Nirwan menyebut, pelaku membunuh korban dengan cara menusuk korban mengunakan senjata tajam berupa pisau lipat. Kemudian korban dibungkus dengan kantong plastik hitam yang direkatkan dengan lakban.
"Pelaku mengakui melakukan pembunuhan tersebut dan dalam melakukan pembunuhan tersebut pelaku mengunakan pisau lipat. Setelah berhasil, kemudian pelaku mengambil barang milik pelaku berupa laptop, dompet serta HP," katanya.
"Setelah itu untuk menghilangkan jejak pelaku memasukan korban ke dalam kantong plastik hitam dan di lakban. Selanjutnya pelaku dibawa ke Polres Metro Depok berikut barang bukti guna pengusutan lebih lanjut," tambahnya.
Petaka Pendidikan Sekuler
Kasus perundungan ibarat mata rantai yang tidak pernah terputus. Kasus pembunuhan marak terjadi di satuan pendidikan menengah hingga perguruan tinggi. Begitu pula pergaulan bebas yang kian mengkhawatirkan, bahkan kini sudah menyasar anak-anak usia prabalig, turut menambah problem soal pendidikan.
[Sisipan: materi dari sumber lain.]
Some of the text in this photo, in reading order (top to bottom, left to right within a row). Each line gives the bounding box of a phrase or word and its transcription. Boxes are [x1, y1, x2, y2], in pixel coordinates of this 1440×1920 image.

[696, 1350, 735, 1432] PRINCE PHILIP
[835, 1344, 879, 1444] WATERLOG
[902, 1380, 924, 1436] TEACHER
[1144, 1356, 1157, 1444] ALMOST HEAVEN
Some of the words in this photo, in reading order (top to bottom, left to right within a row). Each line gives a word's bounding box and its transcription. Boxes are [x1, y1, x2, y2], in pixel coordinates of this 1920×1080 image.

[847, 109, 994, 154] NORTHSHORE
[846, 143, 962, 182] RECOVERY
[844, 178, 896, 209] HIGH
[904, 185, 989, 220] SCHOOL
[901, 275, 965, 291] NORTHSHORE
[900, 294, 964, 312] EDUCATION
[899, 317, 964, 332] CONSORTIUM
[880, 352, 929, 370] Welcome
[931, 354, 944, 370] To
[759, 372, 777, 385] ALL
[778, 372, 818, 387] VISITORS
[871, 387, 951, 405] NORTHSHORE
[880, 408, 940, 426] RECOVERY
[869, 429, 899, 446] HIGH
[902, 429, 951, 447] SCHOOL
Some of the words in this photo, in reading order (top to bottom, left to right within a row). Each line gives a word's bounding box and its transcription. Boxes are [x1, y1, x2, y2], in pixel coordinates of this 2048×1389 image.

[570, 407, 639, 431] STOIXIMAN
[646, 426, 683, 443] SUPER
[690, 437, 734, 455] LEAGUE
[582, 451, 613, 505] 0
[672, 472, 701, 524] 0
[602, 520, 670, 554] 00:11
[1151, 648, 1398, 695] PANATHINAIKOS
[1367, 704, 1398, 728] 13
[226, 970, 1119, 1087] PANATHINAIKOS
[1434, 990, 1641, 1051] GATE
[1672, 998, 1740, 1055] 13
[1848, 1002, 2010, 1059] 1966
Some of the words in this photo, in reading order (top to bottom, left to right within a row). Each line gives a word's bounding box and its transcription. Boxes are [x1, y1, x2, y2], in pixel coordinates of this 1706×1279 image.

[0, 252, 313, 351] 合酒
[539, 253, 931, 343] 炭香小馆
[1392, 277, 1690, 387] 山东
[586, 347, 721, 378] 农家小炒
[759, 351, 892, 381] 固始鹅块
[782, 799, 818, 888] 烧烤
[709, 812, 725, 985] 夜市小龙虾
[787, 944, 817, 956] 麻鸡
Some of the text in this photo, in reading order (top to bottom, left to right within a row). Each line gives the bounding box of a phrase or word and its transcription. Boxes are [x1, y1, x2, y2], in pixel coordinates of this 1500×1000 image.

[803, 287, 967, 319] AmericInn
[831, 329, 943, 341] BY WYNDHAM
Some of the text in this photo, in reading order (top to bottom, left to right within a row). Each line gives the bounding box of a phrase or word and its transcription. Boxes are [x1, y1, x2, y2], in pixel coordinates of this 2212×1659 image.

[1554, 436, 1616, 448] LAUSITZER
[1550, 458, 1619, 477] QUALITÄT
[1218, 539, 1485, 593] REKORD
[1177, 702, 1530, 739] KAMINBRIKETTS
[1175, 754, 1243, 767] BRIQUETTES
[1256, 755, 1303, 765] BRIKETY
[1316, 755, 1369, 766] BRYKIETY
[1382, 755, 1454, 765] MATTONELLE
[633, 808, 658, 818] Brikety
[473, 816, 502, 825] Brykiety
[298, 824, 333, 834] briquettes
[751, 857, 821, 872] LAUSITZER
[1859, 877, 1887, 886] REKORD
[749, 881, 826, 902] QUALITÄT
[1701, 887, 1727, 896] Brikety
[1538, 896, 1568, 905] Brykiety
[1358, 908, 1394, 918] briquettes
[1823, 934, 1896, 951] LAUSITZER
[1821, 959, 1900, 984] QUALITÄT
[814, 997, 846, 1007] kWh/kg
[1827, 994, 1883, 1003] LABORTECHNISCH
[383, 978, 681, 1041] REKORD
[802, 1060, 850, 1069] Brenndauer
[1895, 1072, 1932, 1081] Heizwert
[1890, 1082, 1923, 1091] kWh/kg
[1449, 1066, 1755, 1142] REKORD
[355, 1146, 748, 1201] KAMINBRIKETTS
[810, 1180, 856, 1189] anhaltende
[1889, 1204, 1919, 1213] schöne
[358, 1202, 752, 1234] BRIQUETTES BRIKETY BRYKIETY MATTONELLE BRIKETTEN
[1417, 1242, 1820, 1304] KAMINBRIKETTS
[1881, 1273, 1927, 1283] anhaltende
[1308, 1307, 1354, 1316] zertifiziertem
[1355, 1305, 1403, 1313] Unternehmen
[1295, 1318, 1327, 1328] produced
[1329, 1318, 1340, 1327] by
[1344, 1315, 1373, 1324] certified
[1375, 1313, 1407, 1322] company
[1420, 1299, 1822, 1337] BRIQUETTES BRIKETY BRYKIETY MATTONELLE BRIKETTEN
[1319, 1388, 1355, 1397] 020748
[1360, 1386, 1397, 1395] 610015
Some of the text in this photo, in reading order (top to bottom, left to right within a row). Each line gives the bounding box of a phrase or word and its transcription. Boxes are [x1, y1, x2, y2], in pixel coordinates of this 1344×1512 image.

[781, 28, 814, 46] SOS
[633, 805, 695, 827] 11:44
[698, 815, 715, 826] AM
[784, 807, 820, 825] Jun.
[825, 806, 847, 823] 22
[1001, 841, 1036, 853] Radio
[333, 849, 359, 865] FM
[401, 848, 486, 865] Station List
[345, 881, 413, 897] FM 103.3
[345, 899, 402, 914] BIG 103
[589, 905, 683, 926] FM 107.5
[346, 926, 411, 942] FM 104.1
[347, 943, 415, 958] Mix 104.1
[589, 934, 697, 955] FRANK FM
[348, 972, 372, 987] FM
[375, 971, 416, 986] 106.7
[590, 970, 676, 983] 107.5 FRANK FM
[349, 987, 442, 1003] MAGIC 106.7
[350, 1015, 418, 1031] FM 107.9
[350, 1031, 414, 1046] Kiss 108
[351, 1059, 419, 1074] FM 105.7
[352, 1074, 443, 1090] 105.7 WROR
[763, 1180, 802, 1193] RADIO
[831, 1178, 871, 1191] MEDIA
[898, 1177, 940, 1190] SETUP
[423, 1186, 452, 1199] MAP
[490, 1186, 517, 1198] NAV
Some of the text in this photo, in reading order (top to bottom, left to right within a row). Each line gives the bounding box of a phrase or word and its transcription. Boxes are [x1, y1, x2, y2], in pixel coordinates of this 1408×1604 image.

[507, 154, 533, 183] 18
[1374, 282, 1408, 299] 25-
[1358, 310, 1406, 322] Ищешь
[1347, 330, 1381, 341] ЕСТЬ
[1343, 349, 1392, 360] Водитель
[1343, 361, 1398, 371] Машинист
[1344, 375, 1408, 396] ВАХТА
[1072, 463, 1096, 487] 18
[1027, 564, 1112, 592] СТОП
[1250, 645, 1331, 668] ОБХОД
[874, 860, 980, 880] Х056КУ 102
Inilah petaka sistem pendidikan sekuler. Semua berawal dari penerapan sekularisme di lingkup pendidikan yang meminggirkan Islam sebagai aturan kehidupan. Agama sebatas pelajaran formal yang diajarkan di sekolah dengan jam minim. Agama (Islam) hanya dikenal pada peringatan hari besar. Islam tidak menjadi dasar dan acuan dalam pendidikan.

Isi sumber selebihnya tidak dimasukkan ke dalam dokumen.